TASK GOAL »
An exact restatement of the records below is expected.

THE DATA »
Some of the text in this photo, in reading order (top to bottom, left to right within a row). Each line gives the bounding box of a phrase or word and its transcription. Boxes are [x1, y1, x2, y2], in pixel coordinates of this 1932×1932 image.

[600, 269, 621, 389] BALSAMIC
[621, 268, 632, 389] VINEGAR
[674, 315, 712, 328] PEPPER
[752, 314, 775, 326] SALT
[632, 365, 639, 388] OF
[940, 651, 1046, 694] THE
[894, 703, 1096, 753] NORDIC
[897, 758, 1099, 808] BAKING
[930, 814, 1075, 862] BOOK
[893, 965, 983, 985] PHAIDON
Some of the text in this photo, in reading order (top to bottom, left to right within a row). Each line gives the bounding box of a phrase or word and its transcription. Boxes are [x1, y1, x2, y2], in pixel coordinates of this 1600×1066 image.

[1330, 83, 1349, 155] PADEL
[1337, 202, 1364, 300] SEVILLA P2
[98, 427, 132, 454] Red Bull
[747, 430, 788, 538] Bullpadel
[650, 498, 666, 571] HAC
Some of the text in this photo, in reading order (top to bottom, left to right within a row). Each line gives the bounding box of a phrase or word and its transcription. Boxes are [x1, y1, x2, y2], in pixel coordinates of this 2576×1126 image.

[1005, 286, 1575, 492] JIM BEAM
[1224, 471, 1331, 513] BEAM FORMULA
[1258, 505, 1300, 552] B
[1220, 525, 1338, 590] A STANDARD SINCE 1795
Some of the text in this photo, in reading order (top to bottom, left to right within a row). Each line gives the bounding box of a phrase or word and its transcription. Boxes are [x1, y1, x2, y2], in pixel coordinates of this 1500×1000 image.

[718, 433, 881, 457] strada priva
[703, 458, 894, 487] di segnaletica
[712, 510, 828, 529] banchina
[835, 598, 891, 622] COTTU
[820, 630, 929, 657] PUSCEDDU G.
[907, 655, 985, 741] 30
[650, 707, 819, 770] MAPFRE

SOLUTION FOR THIS TASK »
Some of the text in this photo, in reading order (top to bottom, left to right within a row). Each line gives the bounding box of a phrase or word and its transcription. Boxes are [x1, y1, x2, y2], in pixel coordinates of this 1932×1932 image.

[600, 269, 621, 389] BALSAMIC
[621, 268, 632, 389] VINEGAR
[674, 315, 712, 328] PEPPER
[752, 314, 775, 326] SALT
[632, 365, 639, 388] OF
[940, 651, 1046, 694] THE
[894, 703, 1096, 753] NORDIC
[897, 758, 1099, 808] BAKING
[930, 814, 1075, 862] BOOK
[893, 965, 983, 985] PHAIDON
Some of the text in this photo, in reading order (top to bottom, left to right within a row). Each line gives the bounding box of a phrase or word and its transcription. Boxes are [x1, y1, x2, y2], in pixel coordinates of this 1600×1066 image.

[1330, 83, 1349, 155] PADEL
[1337, 202, 1364, 300] SEVILLA P2
[98, 427, 132, 454] Red Bull
[747, 430, 788, 538] Bullpadel
[650, 498, 666, 571] HAC
Some of the text in this photo, in reading order (top to bottom, left to right within a row). Each line gives the bounding box of a phrase or word and its transcription. Boxes are [x1, y1, x2, y2], in pixel coordinates of this 2576×1126 image.

[1005, 286, 1575, 492] JIM BEAM
[1224, 471, 1331, 513] BEAM FORMULA
[1258, 505, 1300, 552] B
[1220, 525, 1338, 590] A STANDARD SINCE 1795
Some of the text in this photo, in reading order (top to bottom, left to right within a row). Each line gives the bounding box of a phrase or word and its transcription. Boxes are [x1, y1, x2, y2], in pixel coordinates of this 1500×1000 image.

[718, 433, 881, 457] strada priva
[703, 458, 894, 487] di segnaletica
[712, 510, 828, 529] banchina
[835, 598, 891, 622] COTTU
[820, 630, 929, 657] PUSCEDDU G.
[907, 655, 985, 741] 30
[650, 707, 819, 770] MAPFRE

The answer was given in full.